Click here to read an excerpt from "Stormy Weather."
Click here to read an excerpt from "Provenance."
PART I
1.Mr. D
He told them he loved them. Each and every one of them. He spoke without notes but chose his words carefully. Frank DeAngelis waited out the pom-pom routines, the academic awards, and the student-made videos. After an hour of revelry, the short, middle-aged man strode across the gleaming basketball court to address his student body. He took his time. He smiled as he passed the marching band, the cheerleaders, and the Rebels logo painted beneath flowing banners proclaiming recent sports victories. He faced two thousand hyped-up high school students in the wooden bleachers and they gave him their full attention. Then he told them how much they meant to him. How his heart would break to lose just one of them.
It was a peculiar sentiment for an administrator to express to an assembly of teenagers. But Frank DeAngelis had been a coach longer than a principal, and he earnestly believed in motivation by candor. He had coached football and baseball for sixteen years, but he looked like a wrestler: compact body with the bearing of a Marine, but without the bluster. He tried to play down his coaching past, but he exuded it.
You could hear the fear in his voice. He didn't try to hide it, and he didn't try to fight back the tears that welled up in his eyes. And he got away with it. Those kids could sniff out a phony with one whiff and convey displeasure with snickers and fumbling and an audible current of unrest. But they adored Mr. D. He could say almost anything to his students, precisely because he did. He didn't hold back, he didn't sugarcoat it, and he didn't dumb it down. On Friday morning, April 16, 1999, Principal Frank DeAngelis was an utterly transparent man.
Every student in the gymnasium understood Mr. D's message. There were fewer than thirty-six hours until the junior-senior prom, meaning lots of drinking and lots of driving. Lecturing the kids would just provoke eye rolling, so instead he copped to three tragedies in his own life. His buddy from college had been killed in a motorcycle accident. "I can remember being in the waiting room, looking at his blood," he said. "So don't tell me it can't happen." He described holding his teenage daughter in his arms after her friend died in a flaming wreck. The hardest had been gathering the Columbine baseball team to tell them one of their buddies had lost control of his car. He choked up again. "I do not want to attend another memorial service."
"Look to your left," he told them. "Look to your right." He instructed them to study the smiling faces and then close their eyes and imagine one of them gone. He told them to repeat after him: "I am a valued member of Columbine High School. And I'm not in this alone." That's when he told them he loved them, as he always did.
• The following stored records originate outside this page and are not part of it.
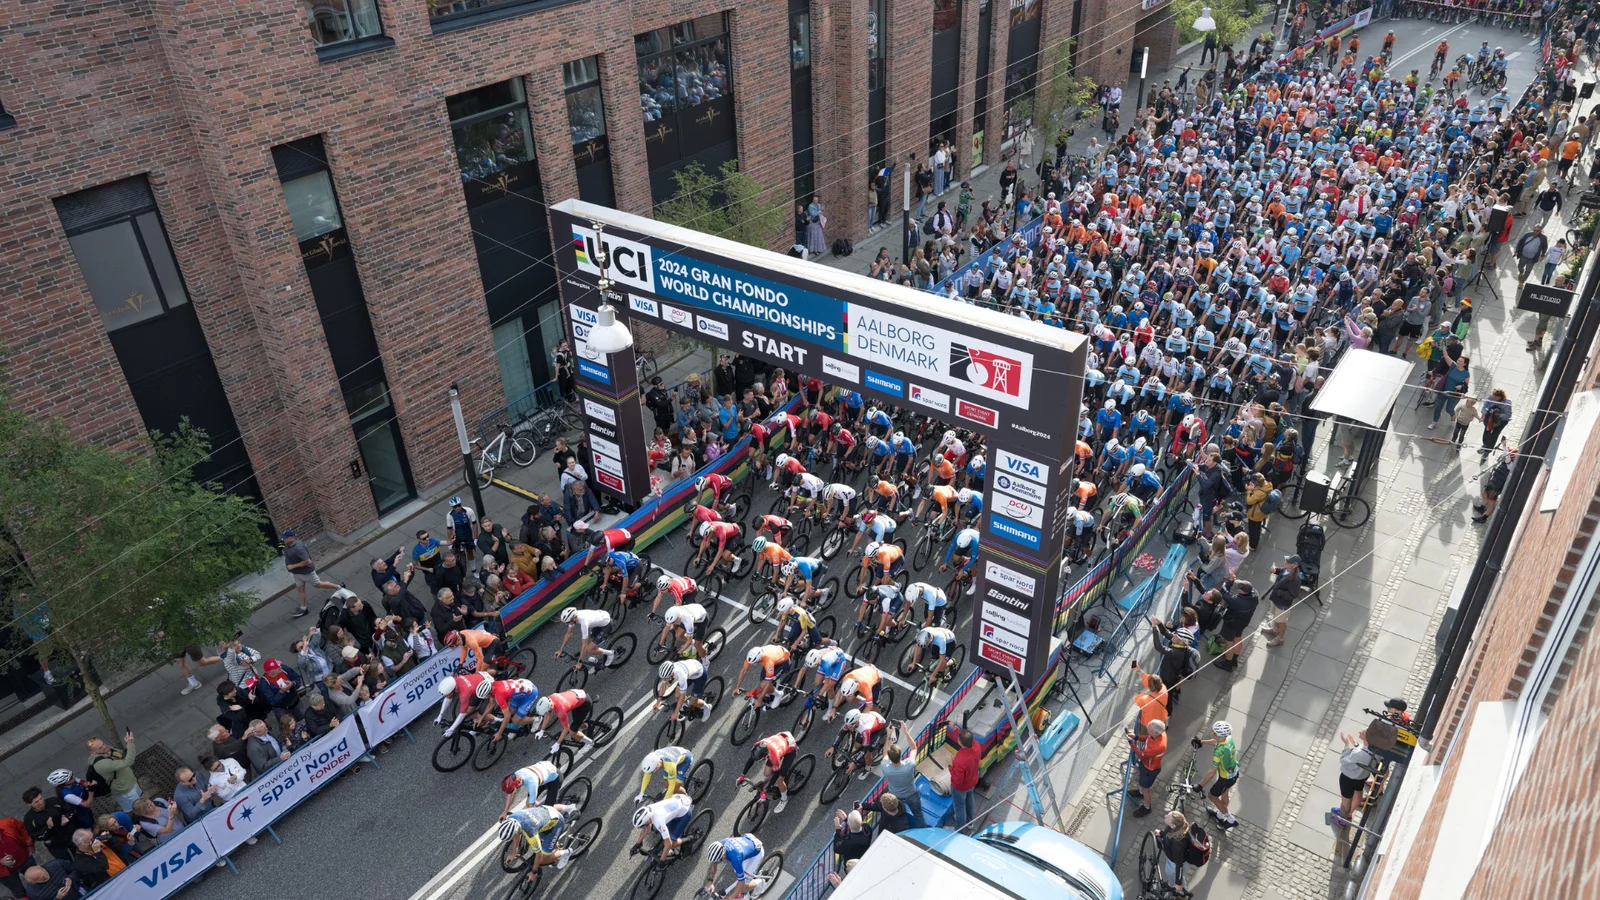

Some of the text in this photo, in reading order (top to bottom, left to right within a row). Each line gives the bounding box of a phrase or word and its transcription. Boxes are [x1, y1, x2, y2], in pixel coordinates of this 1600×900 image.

[585, 236, 648, 283] UCI
[658, 258, 789, 307] 2024 GRAN FONDO
[576, 309, 597, 323] VISA
[634, 298, 654, 312] VISA
[660, 275, 836, 340] WORLD CHAMPIONSHIPS
[857, 316, 935, 350] AALBORG
[741, 330, 807, 365] START
[857, 335, 938, 372] DENMARK
[581, 364, 608, 379] SHIMANO
[867, 375, 901, 391] SHIMANO
[590, 422, 615, 438] Santini
[1011, 423, 1051, 440] #Aalborg2024
[1005, 456, 1040, 478] VISA
[1011, 487, 1042, 500] Kommune
[1012, 481, 1036, 495] Aalborg
[1009, 500, 1028, 511] DCU
[993, 521, 1037, 542] SHIMANO
[1000, 572, 1033, 590] spar Nord
[987, 588, 1030, 611] Santini
[985, 608, 1006, 622] salling
[995, 636, 1024, 652] spar Nord
[402, 662, 438, 690] Powered
[439, 656, 448, 666] by
[406, 671, 439, 704] spar
[258, 751, 312, 793] Powered by
[261, 737, 348, 806] spar Nord
[310, 751, 350, 783] FONDEN
[135, 843, 203, 889] VISA
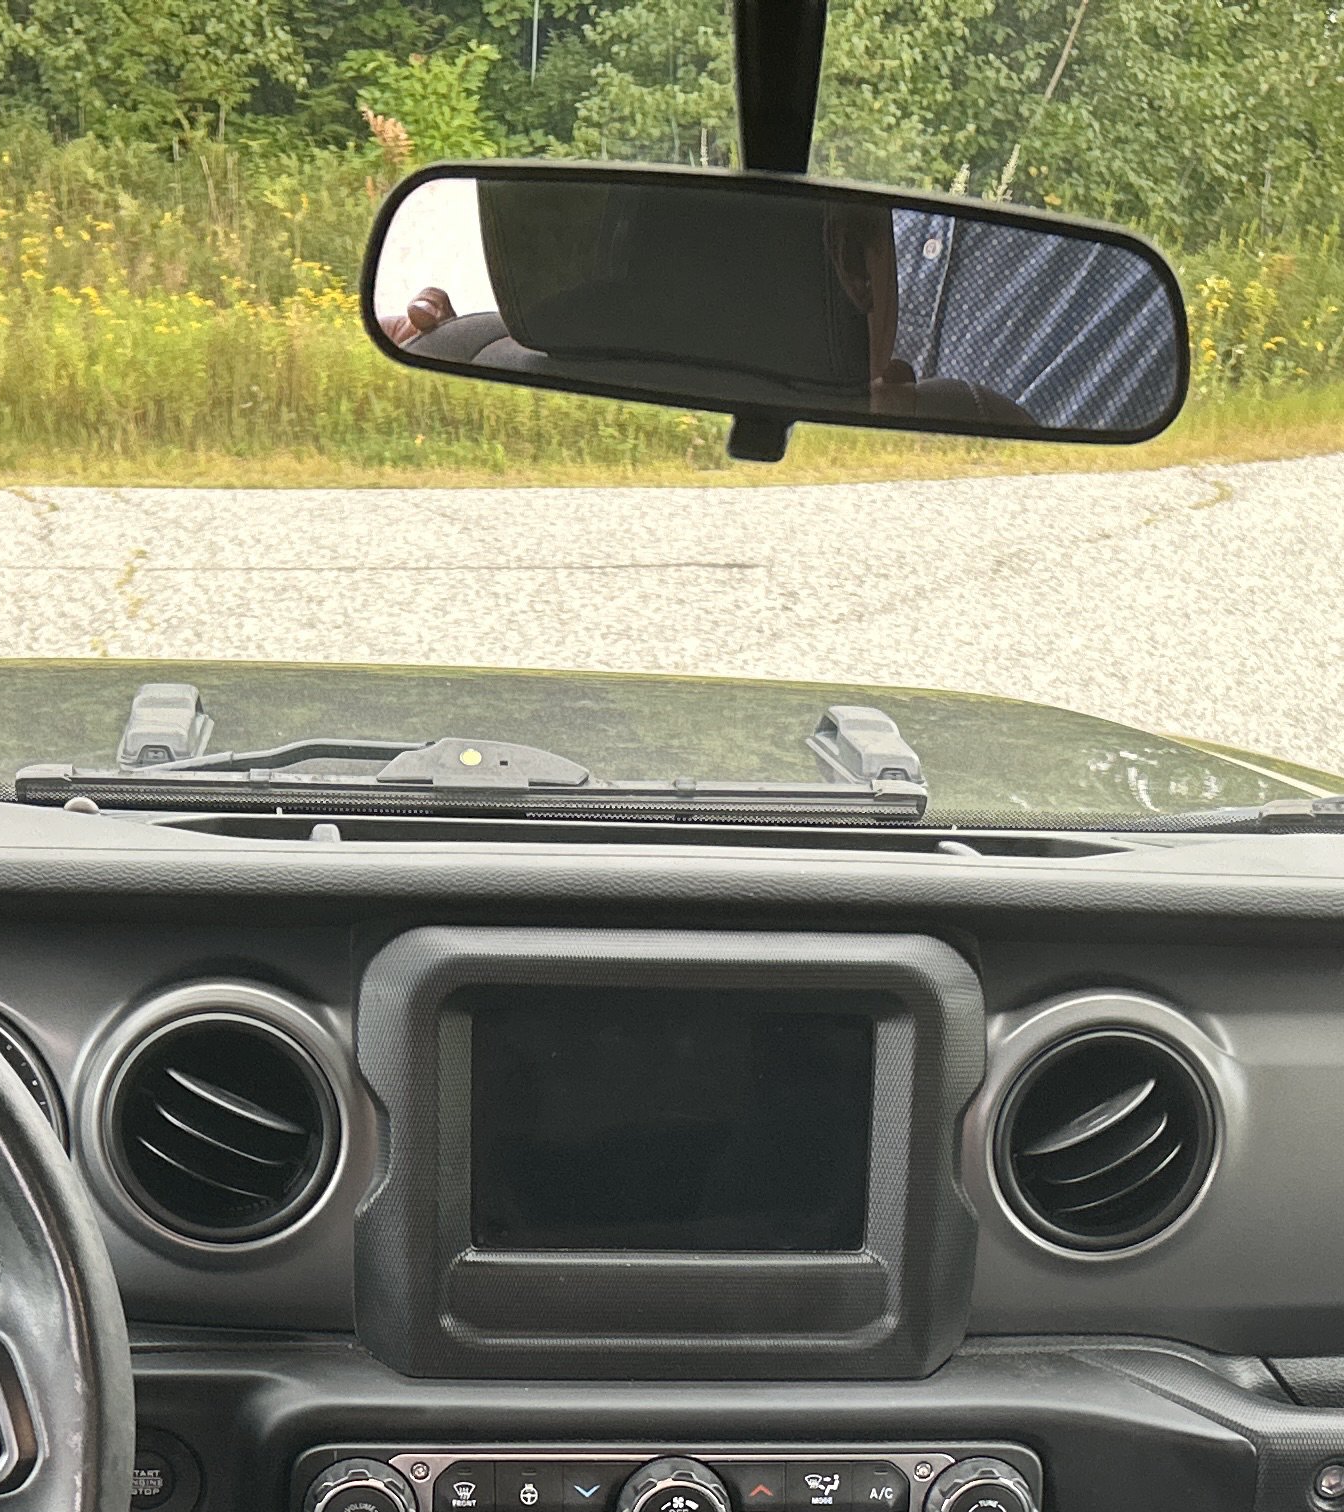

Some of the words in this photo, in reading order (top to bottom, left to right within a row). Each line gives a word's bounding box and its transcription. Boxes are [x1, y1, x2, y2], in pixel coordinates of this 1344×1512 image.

[132, 1479, 163, 1487] NGINE
[869, 1487, 894, 1501] A/C
[452, 1499, 477, 1507] FRONT
[811, 1496, 833, 1505] MODE
[344, 1503, 376, 1512] VOLUME
"Open your eyes," he said. "I want to see each and every one of your bright, smiling faces again Monday morning."
He paused. "When you're thinking about doing something that could get you in trouble, remember, I care about you," he said. "I love you, but remember, I want us all together. We are one large family, we are—"
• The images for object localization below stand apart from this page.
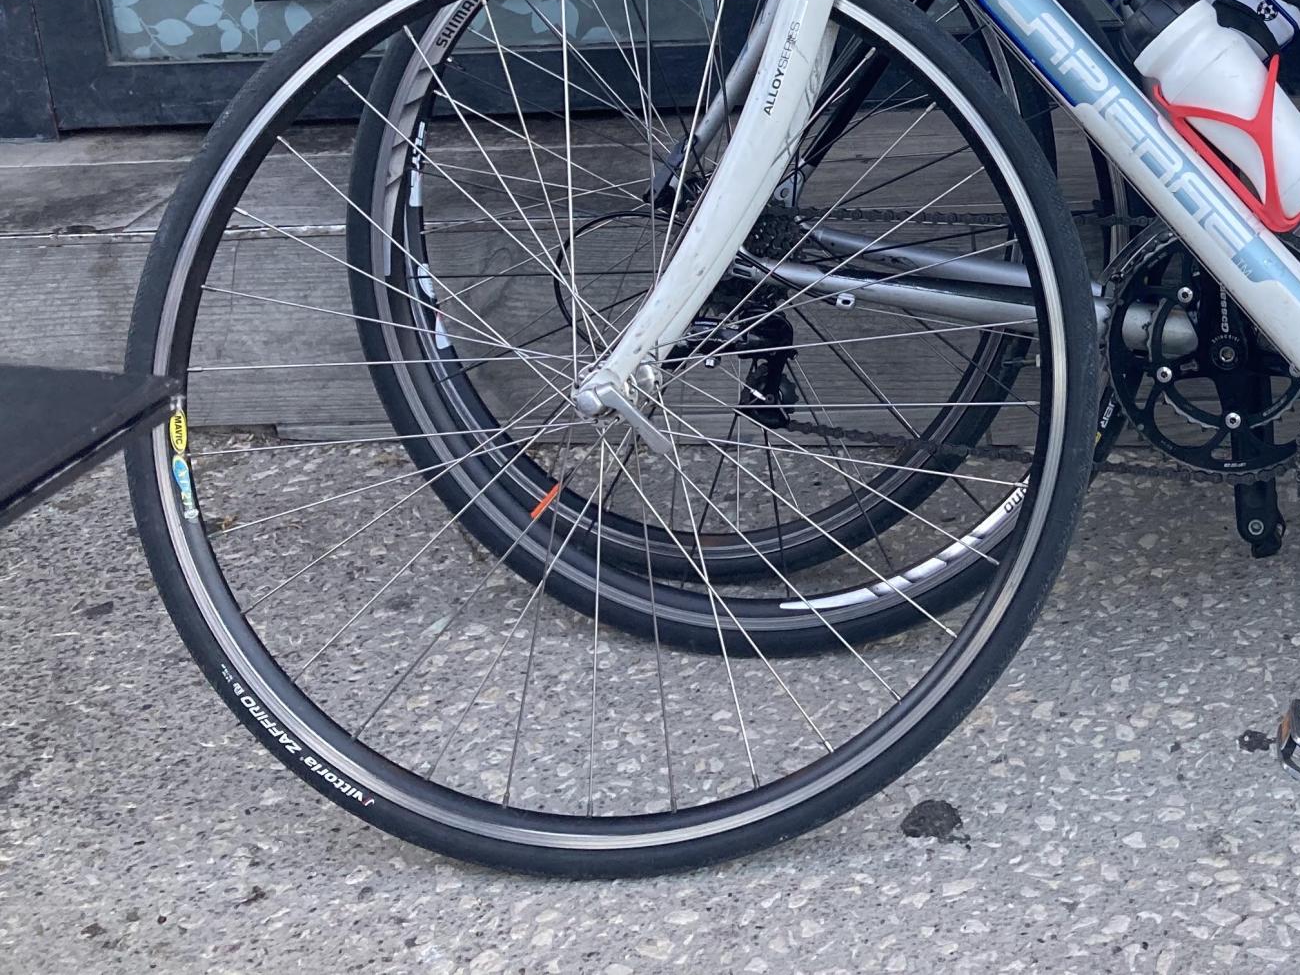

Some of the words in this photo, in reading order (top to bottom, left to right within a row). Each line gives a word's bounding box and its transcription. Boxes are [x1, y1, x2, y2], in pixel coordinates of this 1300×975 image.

[763, 69, 784, 116] ALLOY
[174, 415, 184, 446] MAVIC
[240, 695, 302, 754] ZAFFIRO
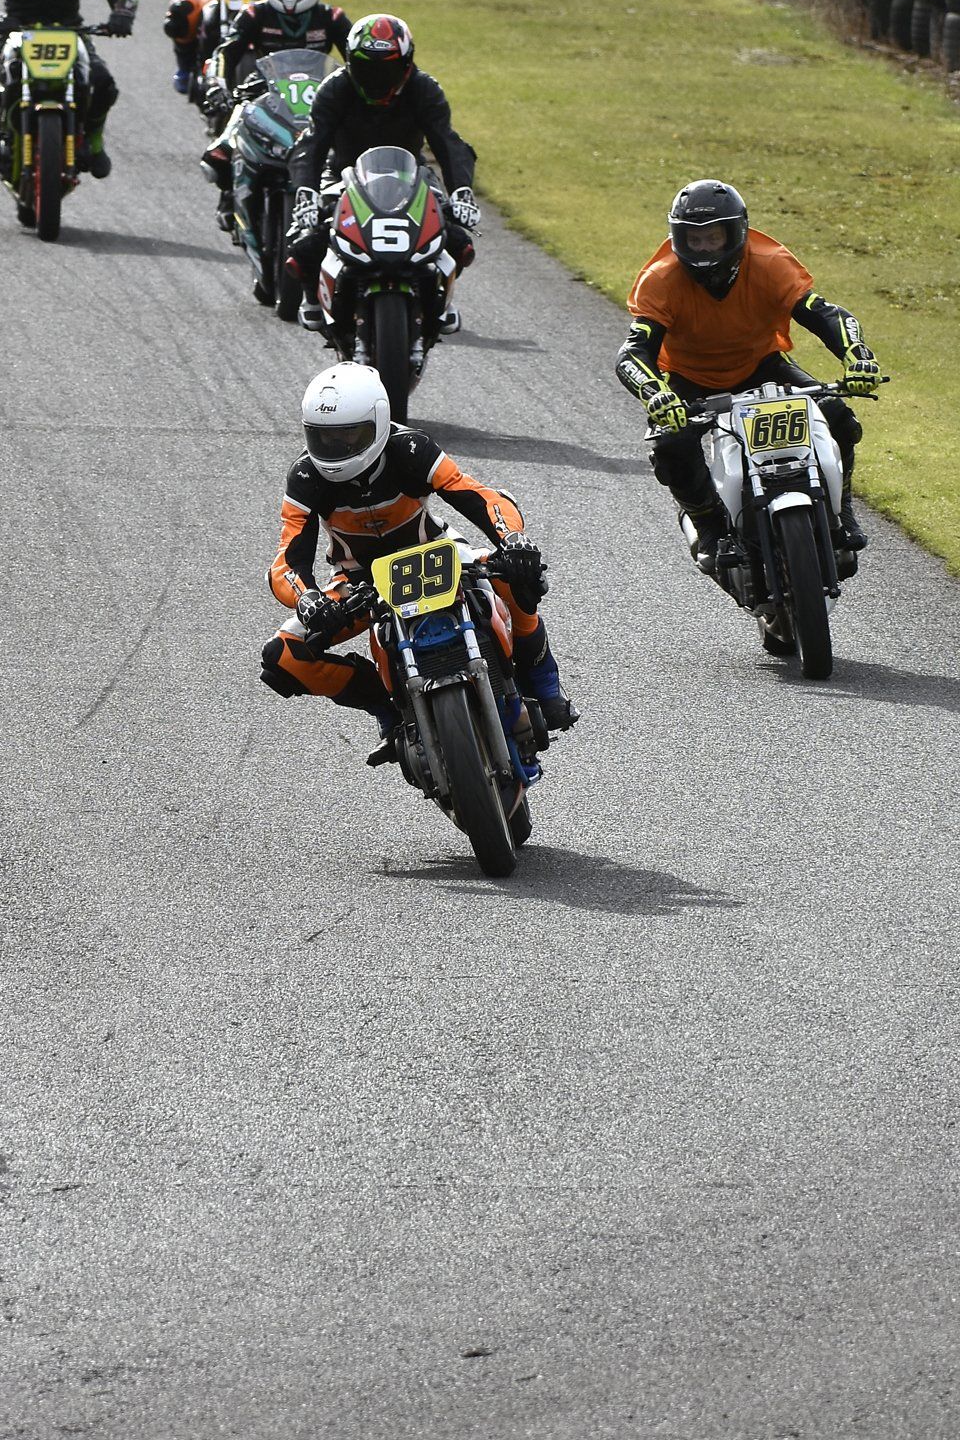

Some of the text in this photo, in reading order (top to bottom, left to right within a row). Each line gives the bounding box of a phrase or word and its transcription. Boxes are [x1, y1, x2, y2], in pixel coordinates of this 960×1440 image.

[30, 44, 70, 60] 383
[288, 83, 317, 105] 16
[372, 218, 410, 253] 5
[751, 409, 807, 449] 666
[390, 544, 455, 607] 89
He left the phrase dangling. That was the students' signal. They leapt to their feet and yelled: "COL--um-BINE!"
Ivory Moore, a dynamo of a teacher and a crowd rouser, ran out and yelled, "We are ...""COL--um-BINE!"
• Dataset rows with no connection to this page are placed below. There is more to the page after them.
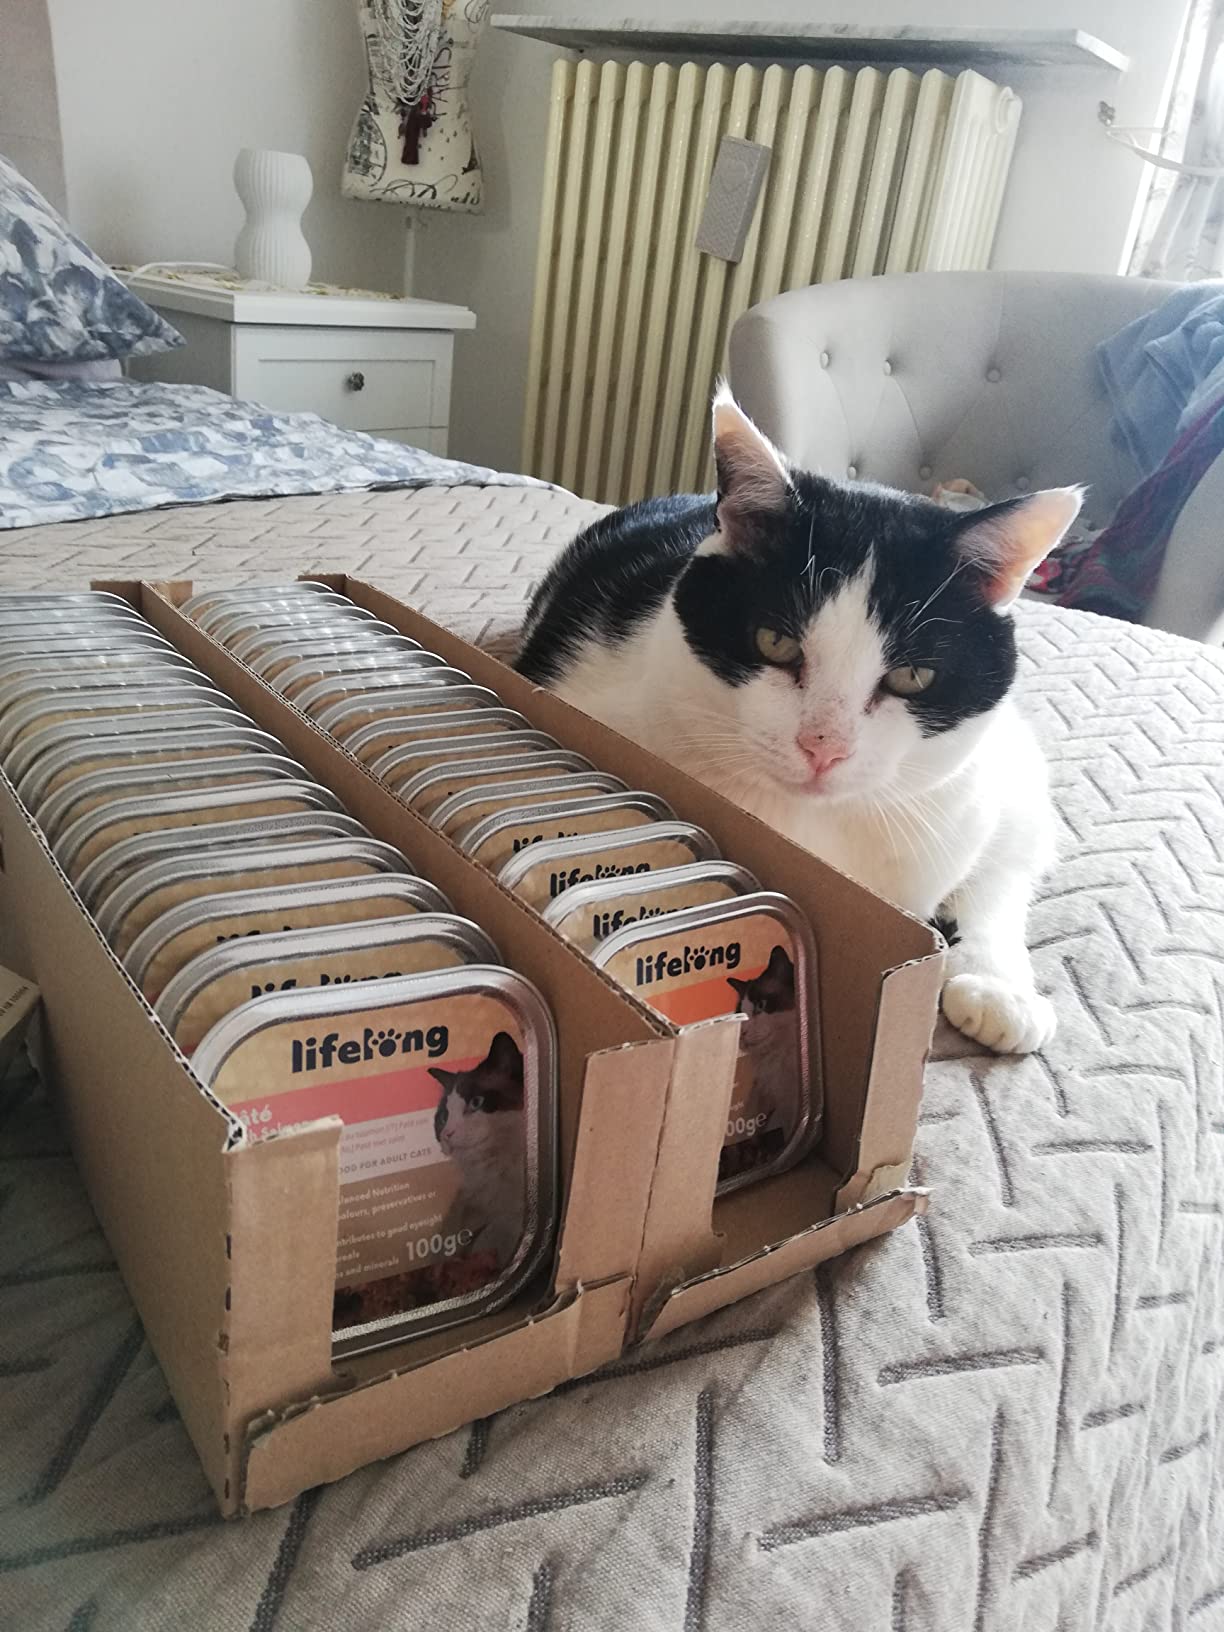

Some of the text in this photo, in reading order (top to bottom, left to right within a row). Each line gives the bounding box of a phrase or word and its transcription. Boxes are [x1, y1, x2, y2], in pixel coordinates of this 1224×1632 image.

[636, 940, 741, 986] lifelong
[291, 1025, 449, 1073] lifelong
[379, 1151, 408, 1167] ADULT
[410, 1146, 433, 1159] CATS
[337, 1208, 371, 1221] olours,
It was louder now, and their fists were pumping in the air.
"We are ..."
"COL--um-BINE!"
"We are..."
"COL--um-BINE!"
Louder, faster, harder, faster -- he whipped them into a frenzy. Then he let them go.They spilled into the hallways to wrap up one last day of classes. Just a few hours until the big weekend.
All two thousand students would return safely on Monday morning, after the prom. But the following afternoon, Tuesday, April 20, 1999, twenty-four of Mr. D's kids and faculty members would be loaded into ambulances and rushed to hospitals. Thirteen bodies would remain in the building and two more on the grounds. It would be the worst school shooting in American history -- a characterization that would have appalled the boys just then finalizing their plans.